### WORK REQUIRED
What the task requires is an exact printout of the listing below, pictures excluded.

### PROVIDED DATA
================

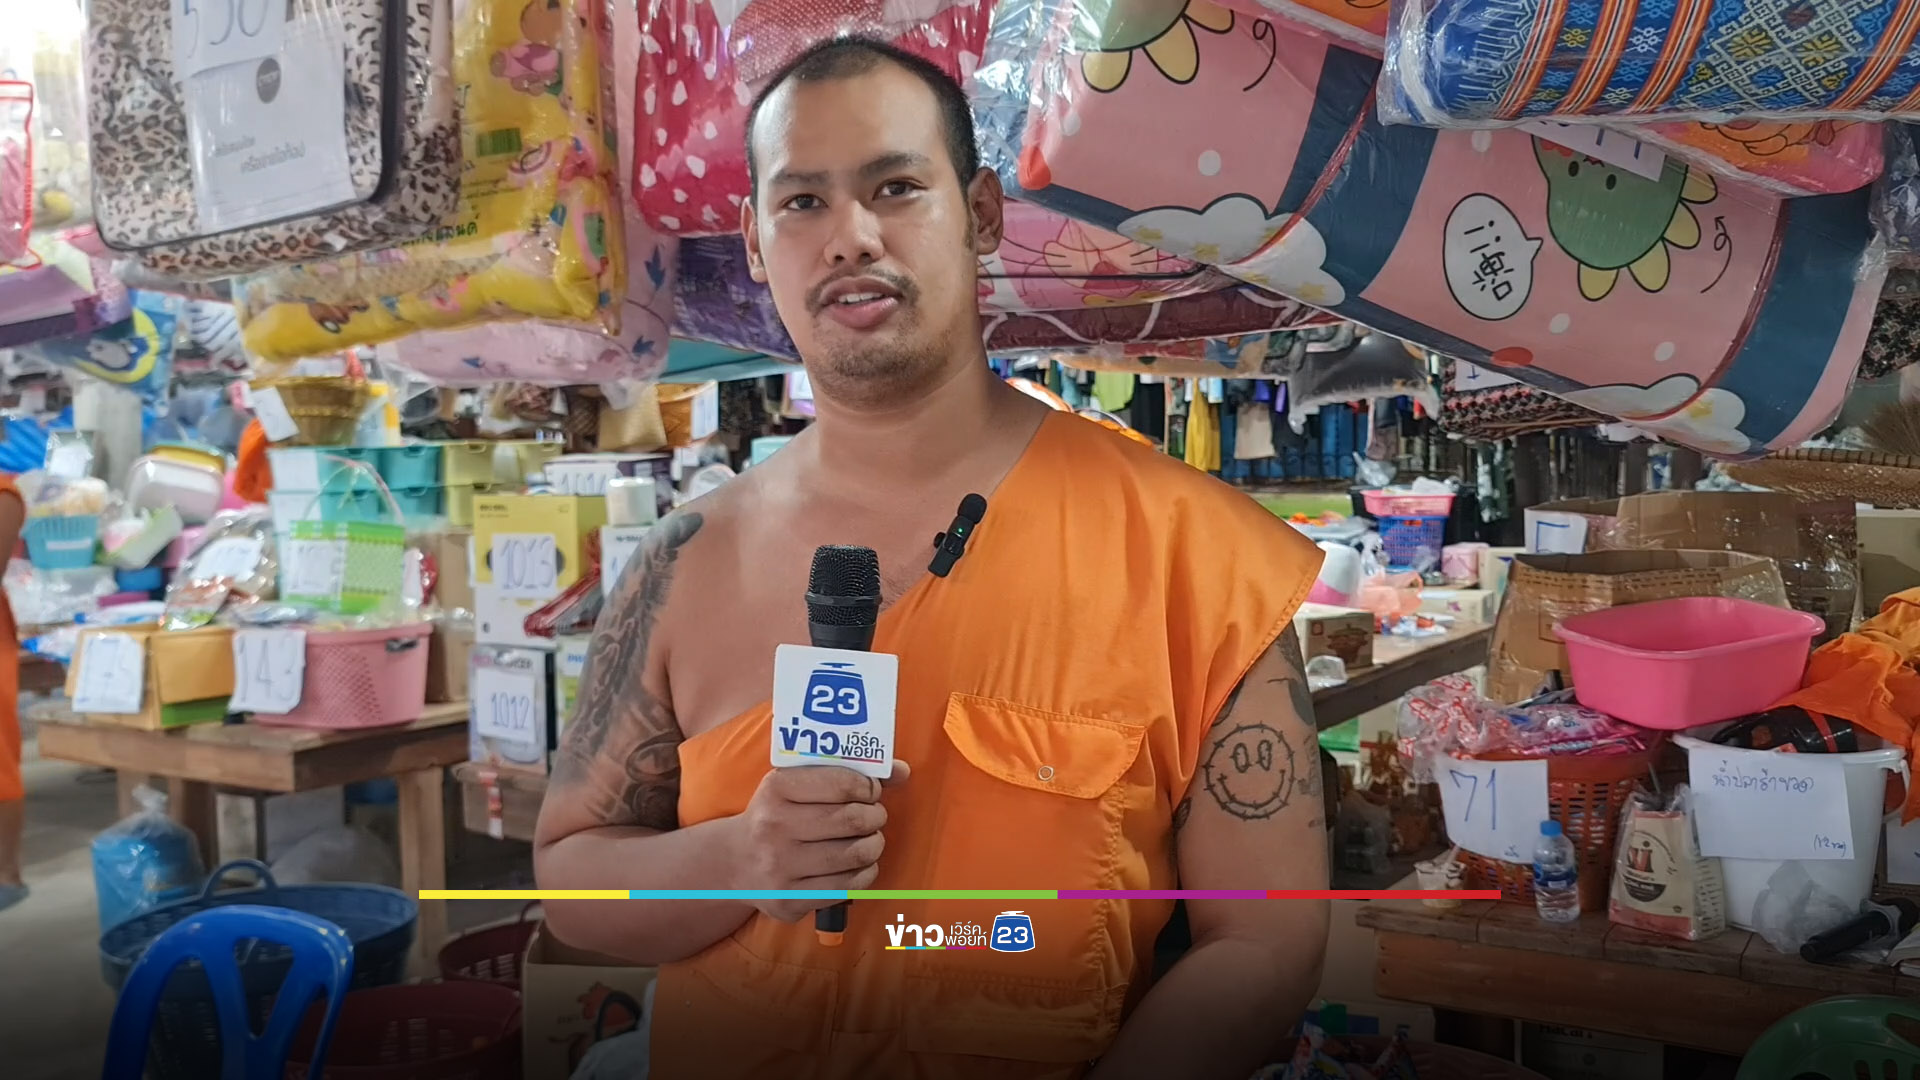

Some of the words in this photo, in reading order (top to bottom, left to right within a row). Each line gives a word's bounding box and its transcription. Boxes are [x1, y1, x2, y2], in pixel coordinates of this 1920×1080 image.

[501, 537, 556, 589] 1013
[491, 691, 530, 729] 1012
[810, 684, 861, 715] 23
[779, 716, 841, 755] ข่าว
[840, 744, 885, 759] พอยท์
[1449, 768, 1497, 830] 71
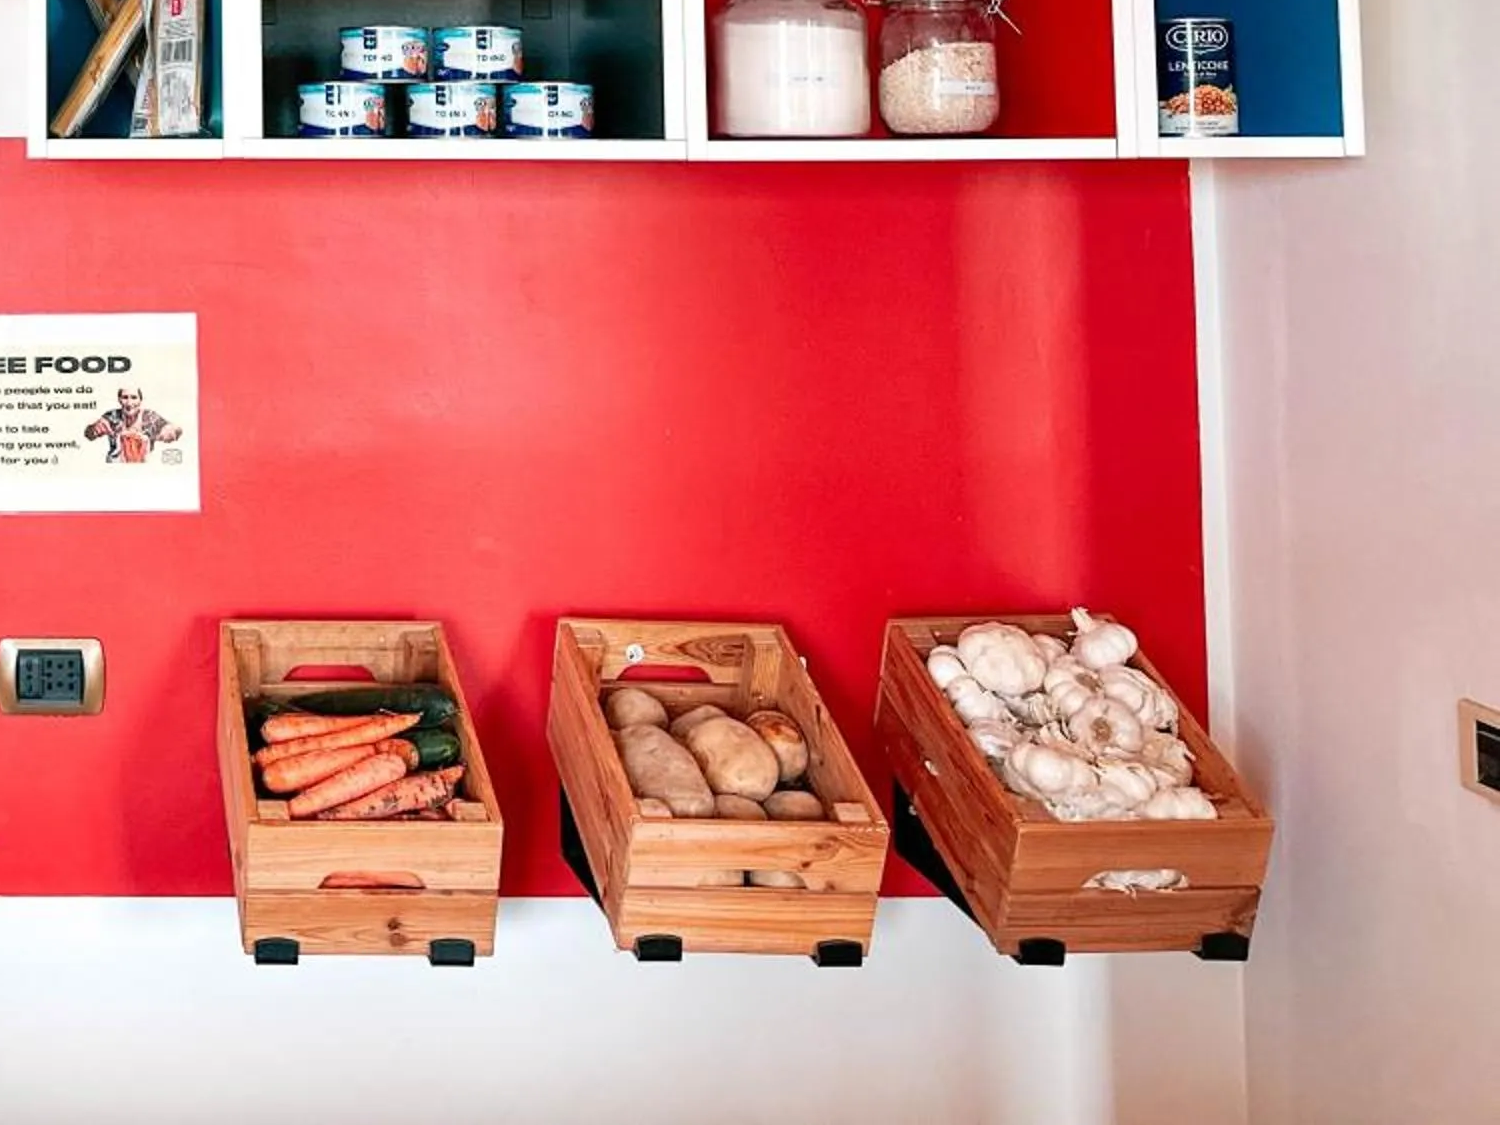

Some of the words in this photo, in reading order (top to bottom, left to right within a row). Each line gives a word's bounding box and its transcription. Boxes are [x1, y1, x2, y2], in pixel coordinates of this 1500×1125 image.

[34, 356, 132, 374] FOOD
[4, 385, 50, 396] people
[76, 385, 93, 394] do
[17, 402, 43, 410] that
[46, 403, 71, 412] you
[5, 425, 19, 434] to
[21, 425, 50, 434] take
[17, 442, 42, 451] you
[0, 456, 21, 464] for
[23, 458, 49, 466] you
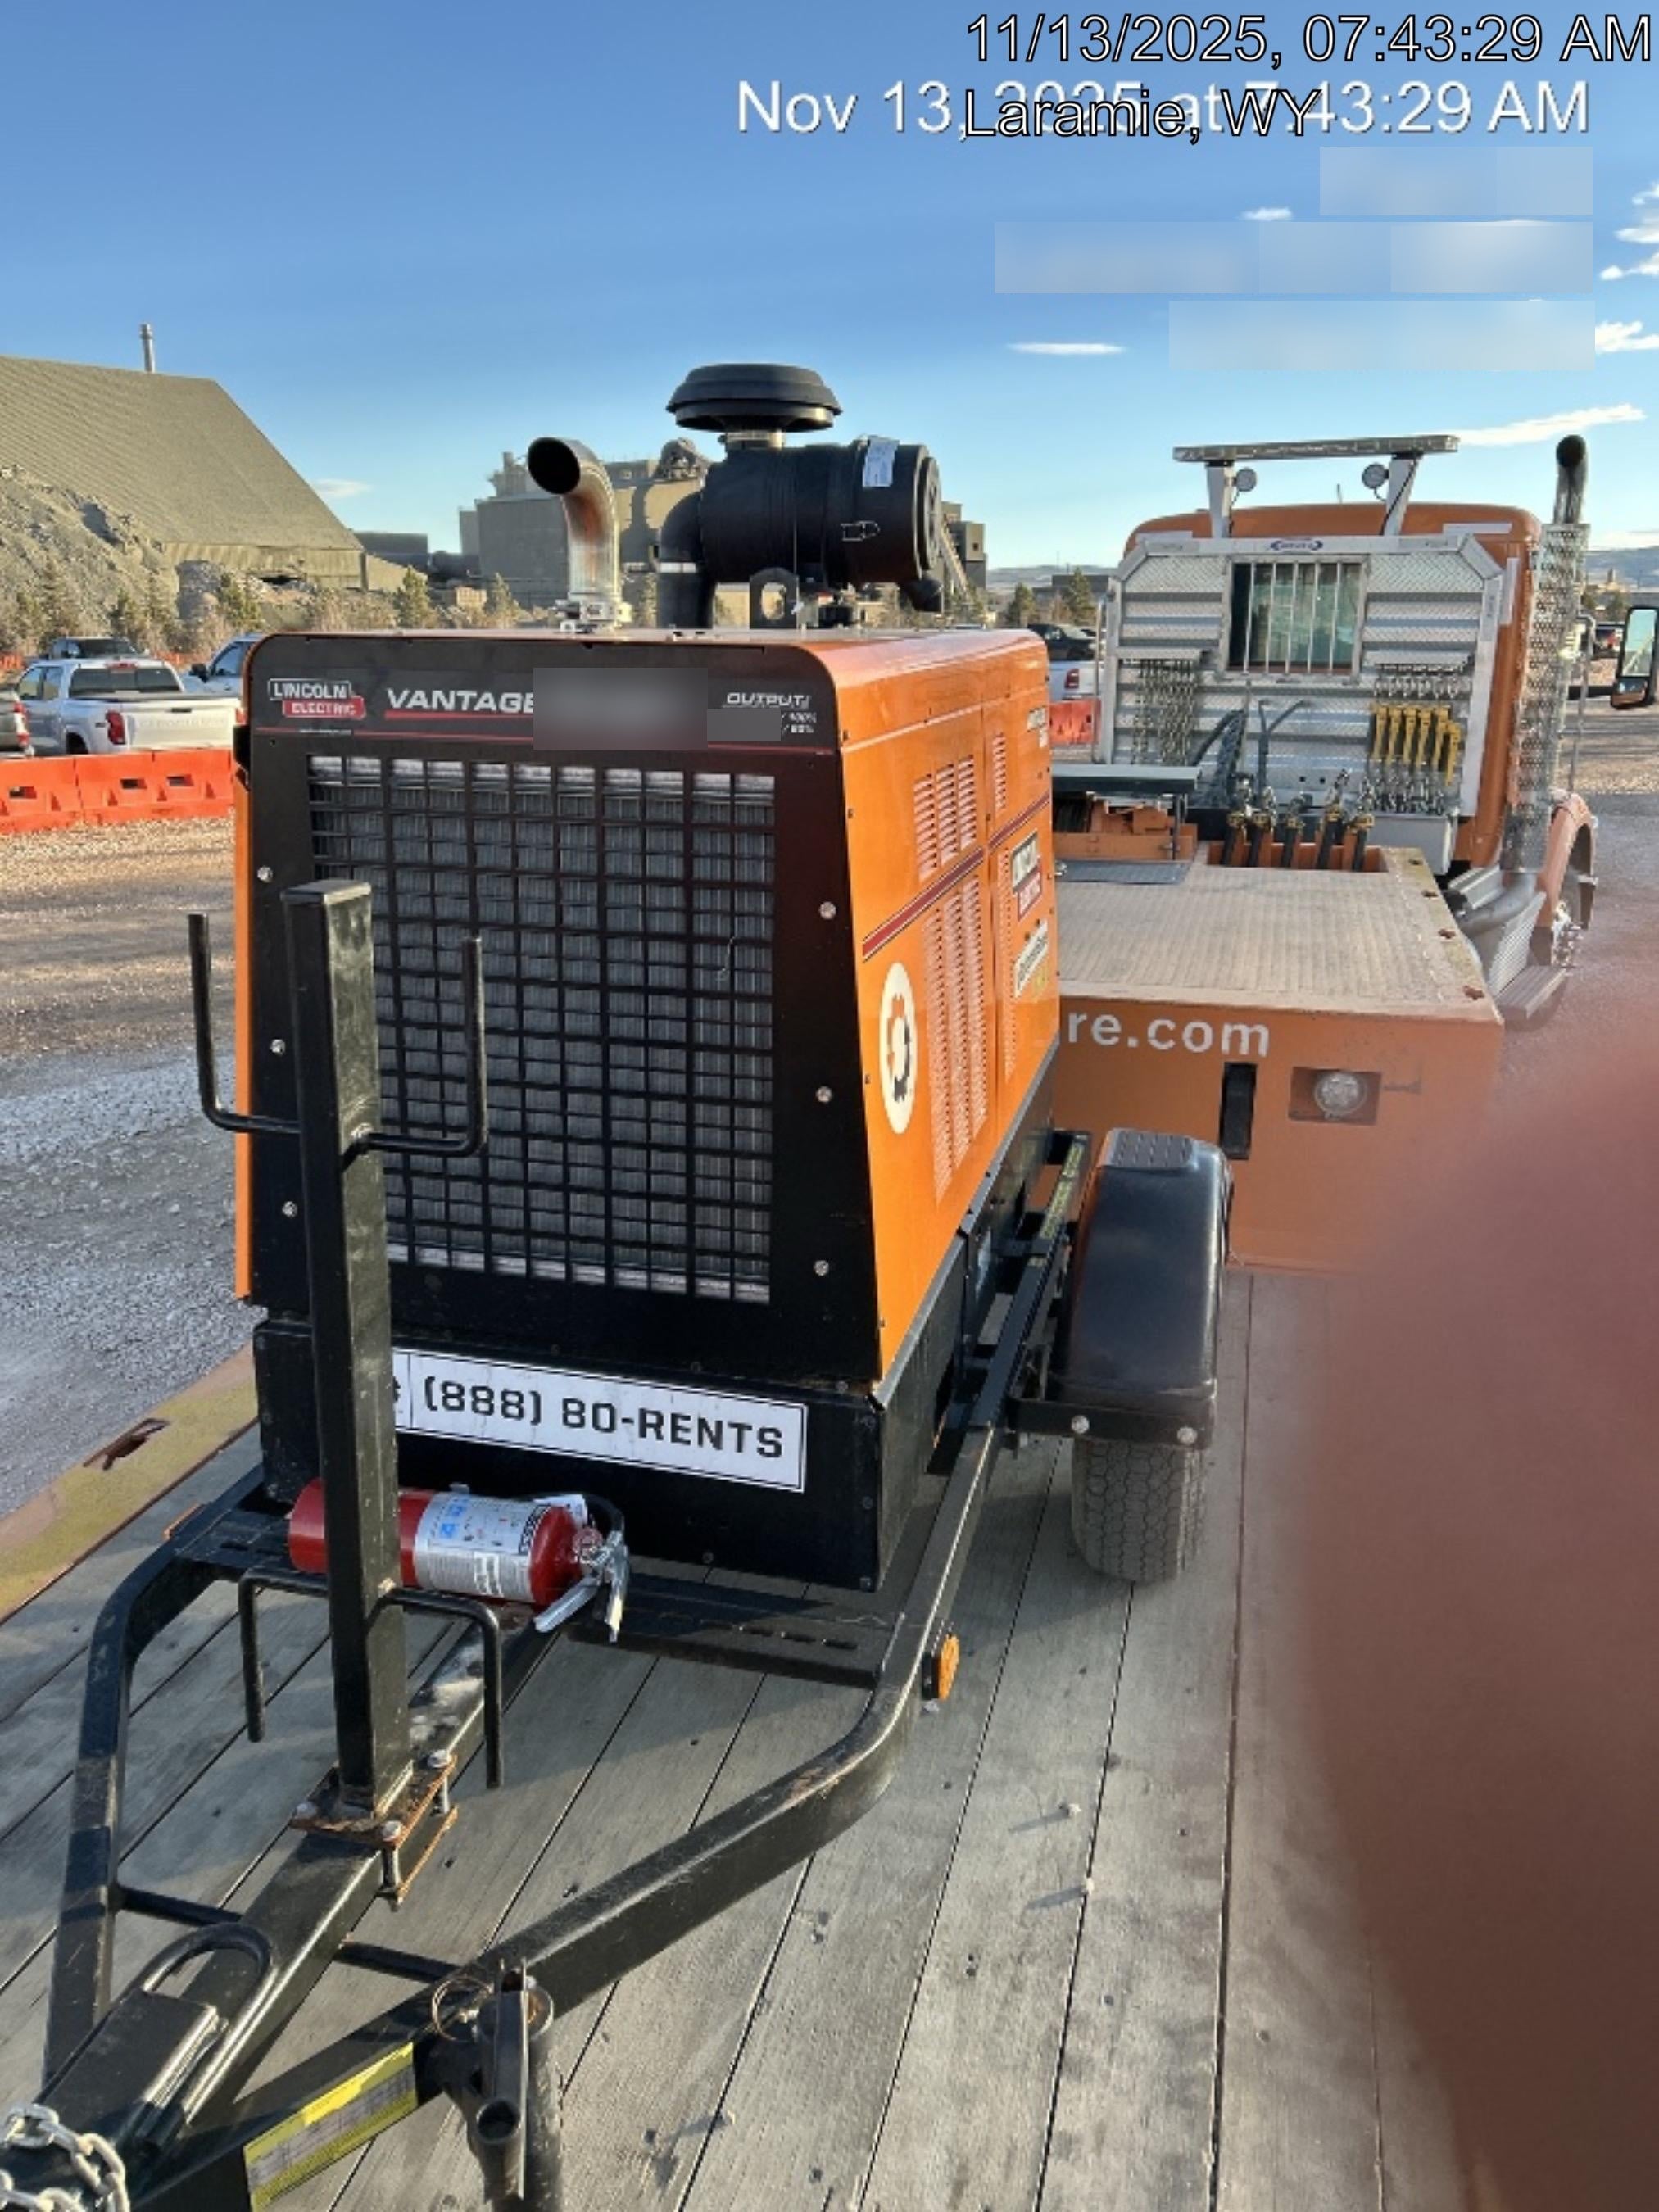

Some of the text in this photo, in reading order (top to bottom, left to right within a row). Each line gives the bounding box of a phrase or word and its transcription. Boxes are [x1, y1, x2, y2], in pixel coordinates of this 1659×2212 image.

[274, 682, 347, 699] LINCOLN
[726, 692, 806, 707] OUTPUT
[1067, 1012, 1269, 1057] re.com
[424, 1376, 542, 1426] (888)
[562, 1398, 783, 1458] 80-RENTS

================

### TASK RESPONSE
Some of the words in this photo, in reading order (top to bottom, left to right within a row). Each line gives a word's bounding box and its transcription. Boxes are [x1, y1, x2, y2], in pixel coordinates of this 1920×1080 image.

[501, 537, 556, 589] 1013
[491, 691, 530, 729] 1012
[810, 684, 861, 715] 23
[779, 716, 841, 755] ข่าว
[840, 744, 885, 759] พอยท์
[1449, 768, 1497, 830] 71

Some of the words in this photo, in reading order (top to bottom, left to right within a row). Each line gives a word's bounding box and its transcription. Boxes are [x1, y1, x2, y2], in pixel coordinates of this 1500×1125 image.

[34, 356, 132, 374] FOOD
[4, 385, 50, 396] people
[76, 385, 93, 394] do
[17, 402, 43, 410] that
[46, 403, 71, 412] you
[5, 425, 19, 434] to
[21, 425, 50, 434] take
[17, 442, 42, 451] you
[0, 456, 21, 464] for
[23, 458, 49, 466] you

Some of the text in this photo, in reading order (top to bottom, left to right within a row). Each line gives the bounding box of a phrase or word and its transcription. Boxes are [x1, y1, x2, y2], in pixel coordinates of this 1659×2212 image.

[274, 682, 347, 699] LINCOLN
[726, 692, 806, 707] OUTPUT
[1067, 1012, 1269, 1057] re.com
[424, 1376, 542, 1426] (888)
[562, 1398, 783, 1458] 80-RENTS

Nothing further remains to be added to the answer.